YOUR INSTRUCTIONS
All of the records below are to be copied exactly.

[Stored data entries]
§ §

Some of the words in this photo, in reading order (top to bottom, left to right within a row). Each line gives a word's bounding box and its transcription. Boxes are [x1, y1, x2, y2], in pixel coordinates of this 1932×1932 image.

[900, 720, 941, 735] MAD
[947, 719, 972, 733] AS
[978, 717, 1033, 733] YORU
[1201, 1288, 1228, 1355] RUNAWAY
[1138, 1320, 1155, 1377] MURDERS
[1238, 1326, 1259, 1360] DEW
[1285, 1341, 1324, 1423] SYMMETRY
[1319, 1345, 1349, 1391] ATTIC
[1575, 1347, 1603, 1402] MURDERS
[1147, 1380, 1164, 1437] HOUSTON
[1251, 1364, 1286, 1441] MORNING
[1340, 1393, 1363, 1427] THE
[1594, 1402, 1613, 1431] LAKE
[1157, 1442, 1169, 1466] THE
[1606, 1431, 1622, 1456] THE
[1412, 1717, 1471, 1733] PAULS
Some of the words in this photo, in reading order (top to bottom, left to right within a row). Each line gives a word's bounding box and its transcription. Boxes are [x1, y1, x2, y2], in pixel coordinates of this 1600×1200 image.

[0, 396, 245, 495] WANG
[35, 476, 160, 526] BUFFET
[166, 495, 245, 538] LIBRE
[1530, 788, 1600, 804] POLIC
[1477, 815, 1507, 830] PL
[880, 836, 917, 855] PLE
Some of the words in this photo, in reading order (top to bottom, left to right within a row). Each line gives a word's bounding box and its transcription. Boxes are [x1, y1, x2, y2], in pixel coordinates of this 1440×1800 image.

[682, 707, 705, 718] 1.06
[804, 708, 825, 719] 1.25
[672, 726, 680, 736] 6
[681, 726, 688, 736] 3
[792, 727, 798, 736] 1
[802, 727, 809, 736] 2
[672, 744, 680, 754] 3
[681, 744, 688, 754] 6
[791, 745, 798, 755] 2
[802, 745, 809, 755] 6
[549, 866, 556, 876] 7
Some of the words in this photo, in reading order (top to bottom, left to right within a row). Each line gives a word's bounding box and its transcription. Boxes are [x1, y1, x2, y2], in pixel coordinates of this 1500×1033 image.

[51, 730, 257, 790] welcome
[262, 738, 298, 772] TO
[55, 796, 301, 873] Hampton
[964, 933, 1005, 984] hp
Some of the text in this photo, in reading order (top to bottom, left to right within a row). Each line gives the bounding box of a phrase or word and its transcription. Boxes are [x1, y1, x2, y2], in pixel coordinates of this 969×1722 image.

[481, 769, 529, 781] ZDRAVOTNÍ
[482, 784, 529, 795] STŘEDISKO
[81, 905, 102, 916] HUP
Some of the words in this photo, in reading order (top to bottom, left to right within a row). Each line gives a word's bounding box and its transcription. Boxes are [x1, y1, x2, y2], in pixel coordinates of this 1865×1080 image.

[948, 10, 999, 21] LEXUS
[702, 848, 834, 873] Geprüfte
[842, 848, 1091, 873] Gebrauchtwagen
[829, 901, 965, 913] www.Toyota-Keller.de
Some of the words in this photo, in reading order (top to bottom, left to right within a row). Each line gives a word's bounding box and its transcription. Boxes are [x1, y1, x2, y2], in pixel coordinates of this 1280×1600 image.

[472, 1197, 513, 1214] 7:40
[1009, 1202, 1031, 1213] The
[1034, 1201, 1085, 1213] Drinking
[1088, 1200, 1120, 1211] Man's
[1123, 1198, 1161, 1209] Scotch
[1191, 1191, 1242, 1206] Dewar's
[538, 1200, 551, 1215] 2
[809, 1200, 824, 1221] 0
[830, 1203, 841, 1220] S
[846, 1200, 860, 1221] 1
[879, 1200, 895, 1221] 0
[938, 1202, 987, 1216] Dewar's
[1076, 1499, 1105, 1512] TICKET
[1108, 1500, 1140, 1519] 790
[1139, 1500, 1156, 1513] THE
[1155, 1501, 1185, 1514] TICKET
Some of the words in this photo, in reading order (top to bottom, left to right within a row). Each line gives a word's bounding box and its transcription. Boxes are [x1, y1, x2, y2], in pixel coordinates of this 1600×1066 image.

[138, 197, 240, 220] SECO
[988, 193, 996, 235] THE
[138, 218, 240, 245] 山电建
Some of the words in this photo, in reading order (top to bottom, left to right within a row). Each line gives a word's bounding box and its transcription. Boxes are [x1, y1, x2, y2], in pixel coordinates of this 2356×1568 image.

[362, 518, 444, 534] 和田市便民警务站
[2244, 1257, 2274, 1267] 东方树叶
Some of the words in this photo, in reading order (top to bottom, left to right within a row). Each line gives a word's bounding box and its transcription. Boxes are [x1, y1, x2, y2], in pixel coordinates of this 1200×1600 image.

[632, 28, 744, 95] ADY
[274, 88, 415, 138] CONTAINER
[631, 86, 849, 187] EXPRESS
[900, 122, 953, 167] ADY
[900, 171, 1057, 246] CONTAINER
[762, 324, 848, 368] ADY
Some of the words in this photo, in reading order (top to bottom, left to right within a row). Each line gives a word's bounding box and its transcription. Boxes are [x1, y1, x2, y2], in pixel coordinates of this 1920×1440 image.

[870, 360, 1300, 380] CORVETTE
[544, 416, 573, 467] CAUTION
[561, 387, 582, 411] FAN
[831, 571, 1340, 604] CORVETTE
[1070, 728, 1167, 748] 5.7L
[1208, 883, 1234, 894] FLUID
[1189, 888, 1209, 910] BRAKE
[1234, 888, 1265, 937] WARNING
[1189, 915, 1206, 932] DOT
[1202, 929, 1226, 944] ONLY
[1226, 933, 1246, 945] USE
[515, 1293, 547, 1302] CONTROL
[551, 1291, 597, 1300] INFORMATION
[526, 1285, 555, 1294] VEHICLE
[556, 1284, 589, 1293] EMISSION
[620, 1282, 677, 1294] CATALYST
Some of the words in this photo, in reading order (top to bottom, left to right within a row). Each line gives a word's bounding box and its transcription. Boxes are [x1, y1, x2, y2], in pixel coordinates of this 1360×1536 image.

§ §

RESULT OF THE TASK
Some of the words in this photo, in reading order (top to bottom, left to right within a row). Each line gives a word's bounding box and its transcription. Boxes are [x1, y1, x2, y2], in pixel coordinates of this 1932×1932 image.

[900, 720, 941, 735] MAD
[947, 719, 972, 733] AS
[978, 717, 1033, 733] YORU
[1201, 1288, 1228, 1355] RUNAWAY
[1138, 1320, 1155, 1377] MURDERS
[1238, 1326, 1259, 1360] DEW
[1285, 1341, 1324, 1423] SYMMETRY
[1319, 1345, 1349, 1391] ATTIC
[1575, 1347, 1603, 1402] MURDERS
[1147, 1380, 1164, 1437] HOUSTON
[1251, 1364, 1286, 1441] MORNING
[1340, 1393, 1363, 1427] THE
[1594, 1402, 1613, 1431] LAKE
[1157, 1442, 1169, 1466] THE
[1606, 1431, 1622, 1456] THE
[1412, 1717, 1471, 1733] PAULS
Some of the words in this photo, in reading order (top to bottom, left to right within a row). Each line gives a word's bounding box and its transcription. Boxes are [x1, y1, x2, y2], in pixel coordinates of this 1600×1200 image.

[0, 396, 245, 495] WANG
[35, 476, 160, 526] BUFFET
[166, 495, 245, 538] LIBRE
[1530, 788, 1600, 804] POLIC
[1477, 815, 1507, 830] PL
[880, 836, 917, 855] PLE
Some of the words in this photo, in reading order (top to bottom, left to right within a row). Each line gives a word's bounding box and its transcription. Boxes are [x1, y1, x2, y2], in pixel coordinates of this 1440×1800 image.

[682, 707, 705, 718] 1.06
[804, 708, 825, 719] 1.25
[672, 726, 680, 736] 6
[681, 726, 688, 736] 3
[792, 727, 798, 736] 1
[802, 727, 809, 736] 2
[672, 744, 680, 754] 3
[681, 744, 688, 754] 6
[791, 745, 798, 755] 2
[802, 745, 809, 755] 6
[549, 866, 556, 876] 7
Some of the words in this photo, in reading order (top to bottom, left to right within a row). Each line gives a word's bounding box and its transcription. Boxes are [x1, y1, x2, y2], in pixel coordinates of this 1500×1033 image.

[51, 730, 257, 790] welcome
[262, 738, 298, 772] TO
[55, 796, 301, 873] Hampton
[964, 933, 1005, 984] hp
Some of the text in this photo, in reading order (top to bottom, left to right within a row). Each line gives the bounding box of a phrase or word and its transcription. Boxes are [x1, y1, x2, y2], in pixel coordinates of this 969×1722 image.

[481, 769, 529, 781] ZDRAVOTNÍ
[482, 784, 529, 795] STŘEDISKO
[81, 905, 102, 916] HUP
Some of the words in this photo, in reading order (top to bottom, left to right within a row). Each line gives a word's bounding box and its transcription. Boxes are [x1, y1, x2, y2], in pixel coordinates of this 1865×1080 image.

[948, 10, 999, 21] LEXUS
[702, 848, 834, 873] Geprüfte
[842, 848, 1091, 873] Gebrauchtwagen
[829, 901, 965, 913] www.Toyota-Keller.de
Some of the words in this photo, in reading order (top to bottom, left to right within a row). Each line gives a word's bounding box and its transcription. Boxes are [x1, y1, x2, y2], in pixel coordinates of this 1280×1600 image.

[472, 1197, 513, 1214] 7:40
[1009, 1202, 1031, 1213] The
[1034, 1201, 1085, 1213] Drinking
[1088, 1200, 1120, 1211] Man's
[1123, 1198, 1161, 1209] Scotch
[1191, 1191, 1242, 1206] Dewar's
[538, 1200, 551, 1215] 2
[809, 1200, 824, 1221] 0
[830, 1203, 841, 1220] S
[846, 1200, 860, 1221] 1
[879, 1200, 895, 1221] 0
[938, 1202, 987, 1216] Dewar's
[1076, 1499, 1105, 1512] TICKET
[1108, 1500, 1140, 1519] 790
[1139, 1500, 1156, 1513] THE
[1155, 1501, 1185, 1514] TICKET
Some of the words in this photo, in reading order (top to bottom, left to right within a row). Each line gives a word's bounding box and its transcription. Boxes are [x1, y1, x2, y2], in pixel coordinates of this 1600×1066 image.

[138, 197, 240, 220] SECO
[988, 193, 996, 235] THE
[138, 218, 240, 245] 山电建
Some of the words in this photo, in reading order (top to bottom, left to right within a row). Each line gives a word's bounding box and its transcription. Boxes are [x1, y1, x2, y2], in pixel coordinates of this 2356×1568 image.

[362, 518, 444, 534] 和田市便民警务站
[2244, 1257, 2274, 1267] 东方树叶
Some of the words in this photo, in reading order (top to bottom, left to right within a row). Each line gives a word's bounding box and its transcription. Boxes are [x1, y1, x2, y2], in pixel coordinates of this 1200×1600 image.

[632, 28, 744, 95] ADY
[274, 88, 415, 138] CONTAINER
[631, 86, 849, 187] EXPRESS
[900, 122, 953, 167] ADY
[900, 171, 1057, 246] CONTAINER
[762, 324, 848, 368] ADY
Some of the words in this photo, in reading order (top to bottom, left to right within a row). Each line gives a word's bounding box and its transcription. Boxes are [x1, y1, x2, y2], in pixel coordinates of this 1920×1440 image.

[870, 360, 1300, 380] CORVETTE
[544, 416, 573, 467] CAUTION
[561, 387, 582, 411] FAN
[831, 571, 1340, 604] CORVETTE
[1070, 728, 1167, 748] 5.7L
[1208, 883, 1234, 894] FLUID
[1189, 888, 1209, 910] BRAKE
[1234, 888, 1265, 937] WARNING
[1189, 915, 1206, 932] DOT
[1202, 929, 1226, 944] ONLY
[1226, 933, 1246, 945] USE
[515, 1293, 547, 1302] CONTROL
[551, 1291, 597, 1300] INFORMATION
[526, 1285, 555, 1294] VEHICLE
[556, 1284, 589, 1293] EMISSION
[620, 1282, 677, 1294] CATALYST
Some of the words in this photo, in reading order (top to bottom, left to right within a row). Each line gives a word's bounding box and its transcription. Boxes are [x1, y1, x2, y2], in pixel coordinates of this 1360×1536 image.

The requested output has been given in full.